Records shown:
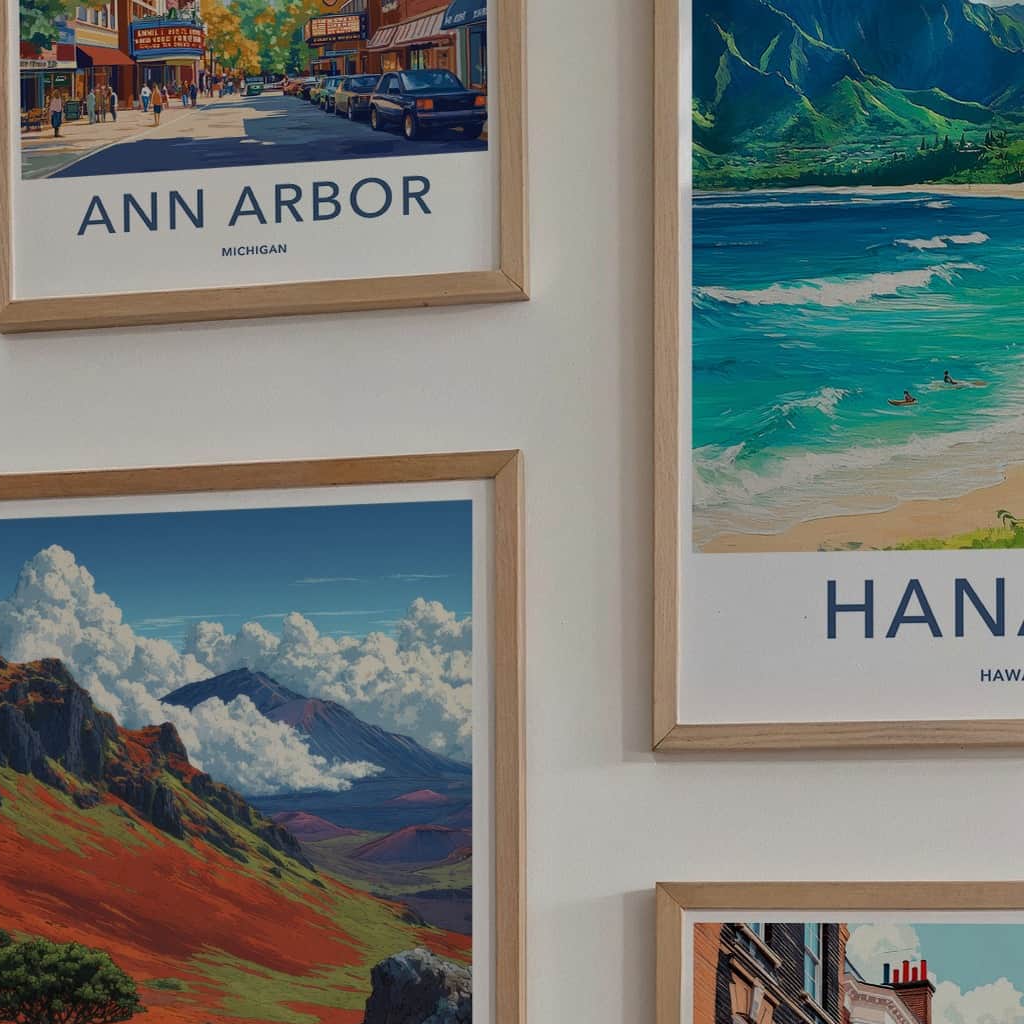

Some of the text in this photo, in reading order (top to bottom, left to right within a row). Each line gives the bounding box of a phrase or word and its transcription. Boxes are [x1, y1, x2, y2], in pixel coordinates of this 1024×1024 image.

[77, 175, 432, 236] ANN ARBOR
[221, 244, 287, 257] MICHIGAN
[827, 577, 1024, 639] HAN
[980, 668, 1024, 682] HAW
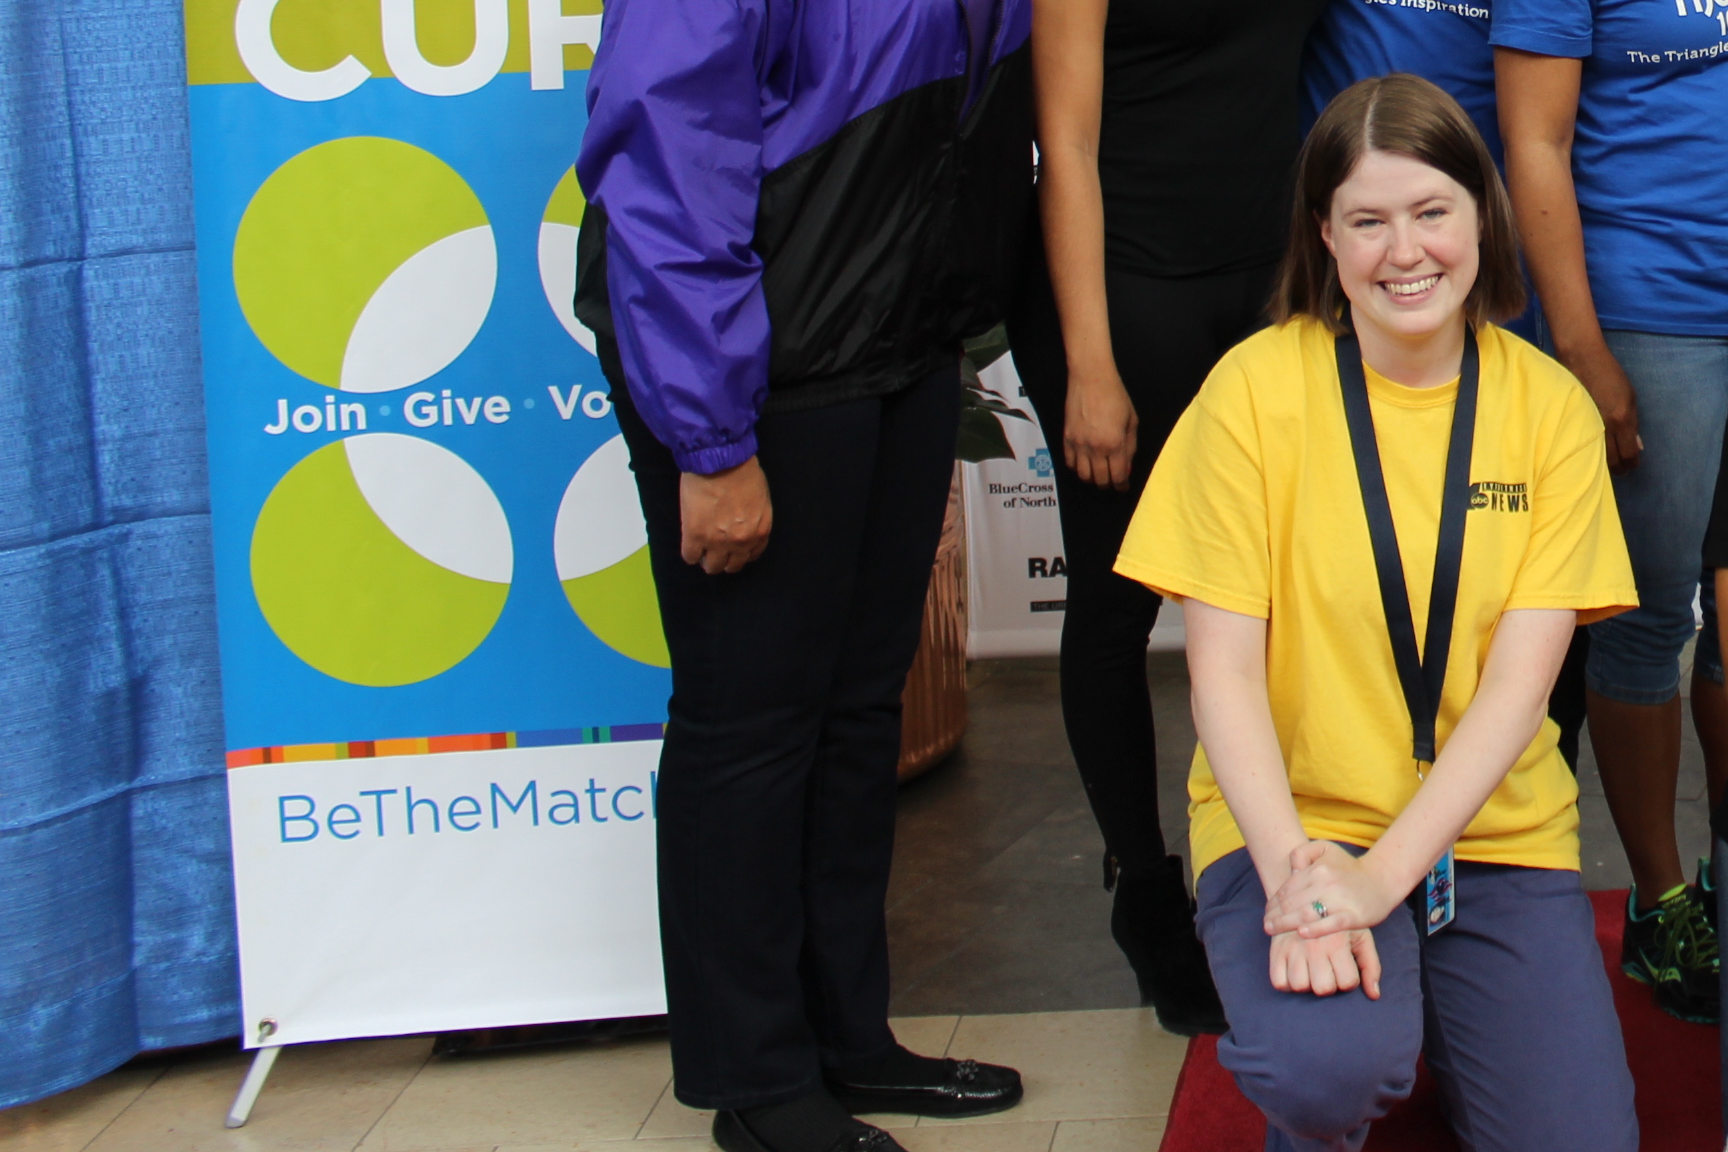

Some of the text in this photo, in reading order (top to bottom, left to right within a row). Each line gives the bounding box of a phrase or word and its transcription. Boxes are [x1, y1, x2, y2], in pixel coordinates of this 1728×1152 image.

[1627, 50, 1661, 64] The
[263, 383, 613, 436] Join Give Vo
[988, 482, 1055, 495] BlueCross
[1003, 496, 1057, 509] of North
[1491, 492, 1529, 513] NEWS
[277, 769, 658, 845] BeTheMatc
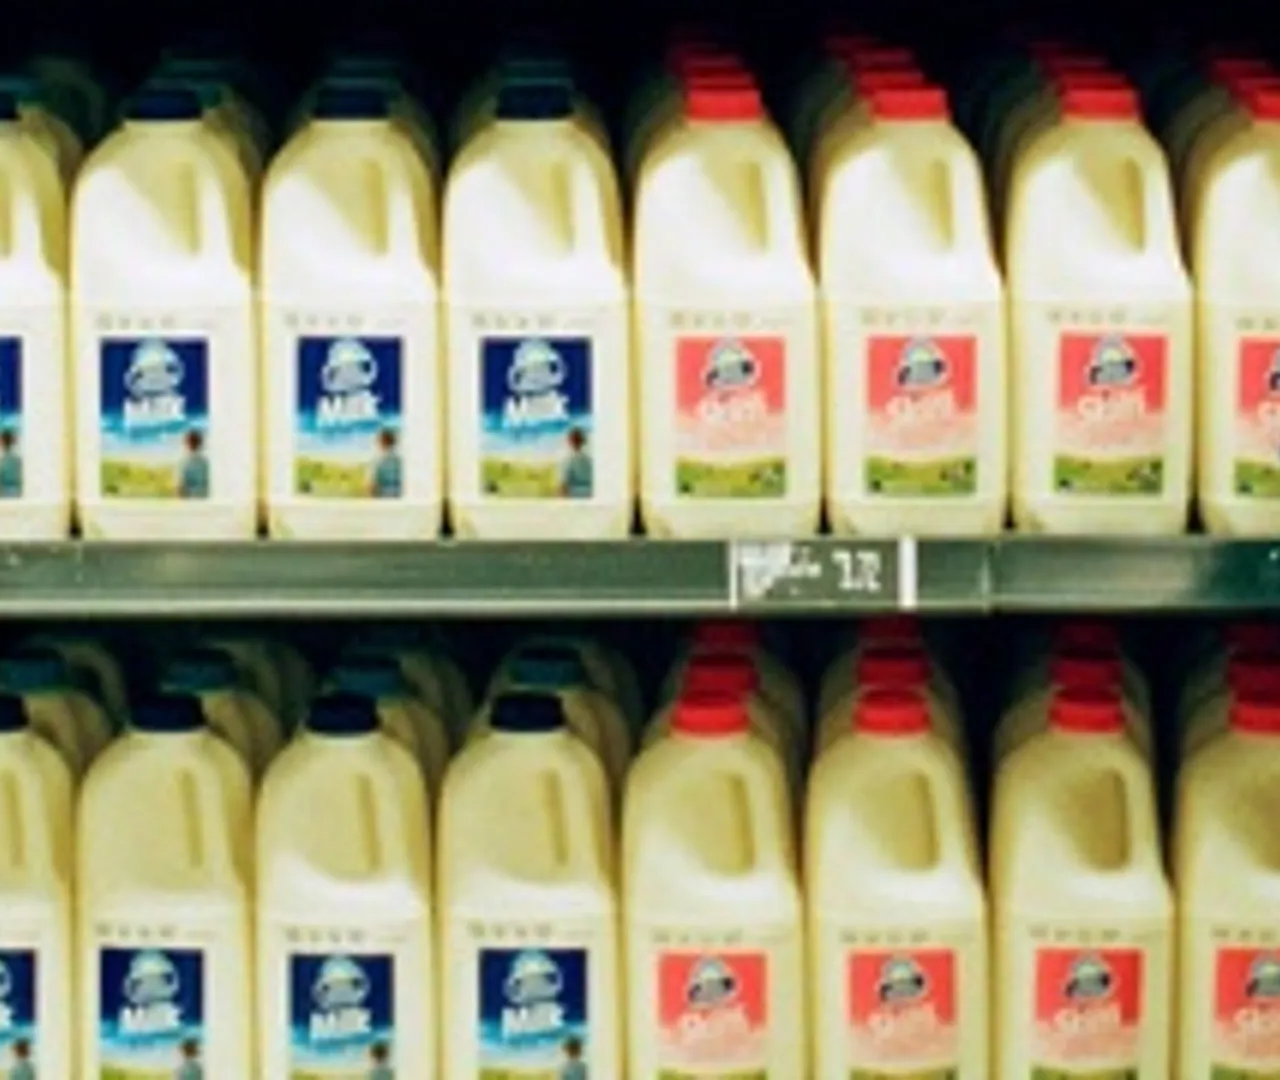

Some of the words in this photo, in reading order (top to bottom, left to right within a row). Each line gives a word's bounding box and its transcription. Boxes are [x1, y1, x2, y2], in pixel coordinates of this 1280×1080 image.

Task details: Would you return the whole listing above exactly as written, skipping any image?

Answer below:
Some of the text in this photo, in reading order (top to bottom, left to right within a row). Each line gives the bounding box of a phrase or word and its transcription. Boxes are [x1, y1, x2, y2], in pixel coordinates of this 1024×1024 image.

[77, 175, 432, 236] ANN ARBOR
[221, 244, 287, 257] MICHIGAN
[827, 577, 1024, 639] HAN
[980, 668, 1024, 682] HAW

Some of the text in this photo, in reading order (top to bottom, left to right within a row). Each line gives the bounding box of a phrase or word and its transcription. Boxes are [x1, y1, x2, y2], in pixel coordinates of this 1728×1152 image.

[1627, 50, 1661, 64] The
[263, 383, 613, 436] Join Give Vo
[988, 482, 1055, 495] BlueCross
[1003, 496, 1057, 509] of North
[1491, 492, 1529, 513] NEWS
[277, 769, 658, 845] BeTheMatc

Some of the words in this photo, in reading order (top to bottom, left to right within a row). Each line gives a word's bounding box and its transcription. Boxes are [x1, y1, x2, y2], in pixel coordinates of this 1280×1080 image.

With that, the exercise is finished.